Reproduce each line below precisely. Drop the pictures.

——————————

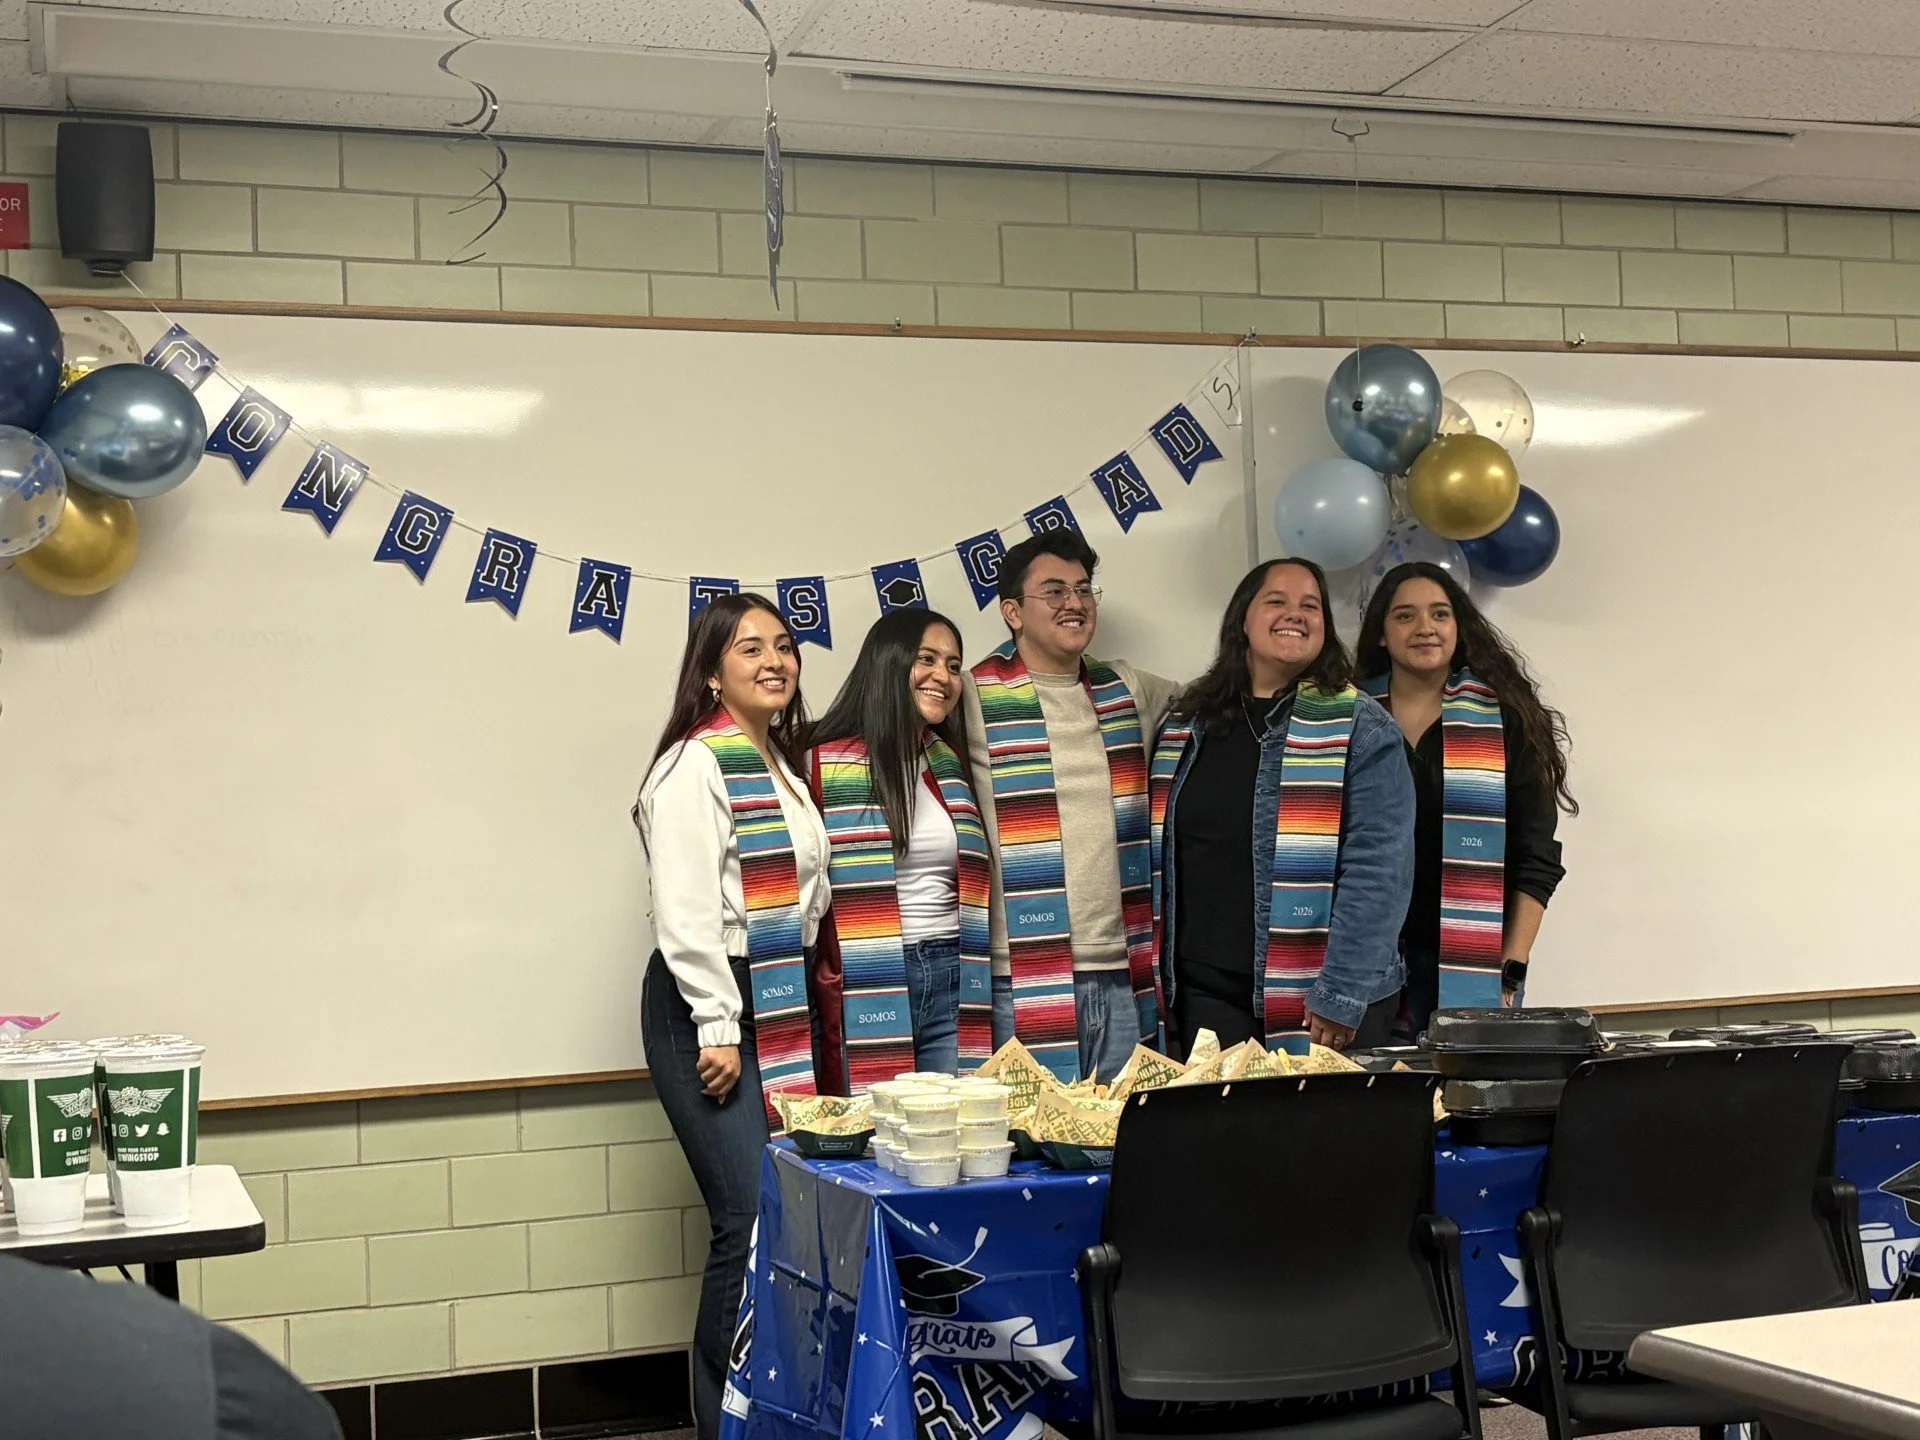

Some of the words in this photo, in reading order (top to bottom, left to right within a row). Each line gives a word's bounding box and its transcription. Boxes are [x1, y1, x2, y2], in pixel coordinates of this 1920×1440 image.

[1460, 836, 1483, 847] 2026
[1292, 906, 1314, 916] 2026
[1019, 912, 1055, 924] SOMOS
[762, 985, 794, 999] SOMOS
[858, 1011, 896, 1024] SOMOS

——————————

* _Response for this exercise_
Some of the words in this photo, in reading order (top to bottom, left to right within a row). Each line gives a word's bounding box and its transcription. Boxes are [x1, y1, x2, y2], in pixel coordinates of this 1920×1440 image.

[1460, 836, 1483, 847] 2026
[1292, 906, 1314, 916] 2026
[1019, 912, 1055, 924] SOMOS
[762, 985, 794, 999] SOMOS
[858, 1011, 896, 1024] SOMOS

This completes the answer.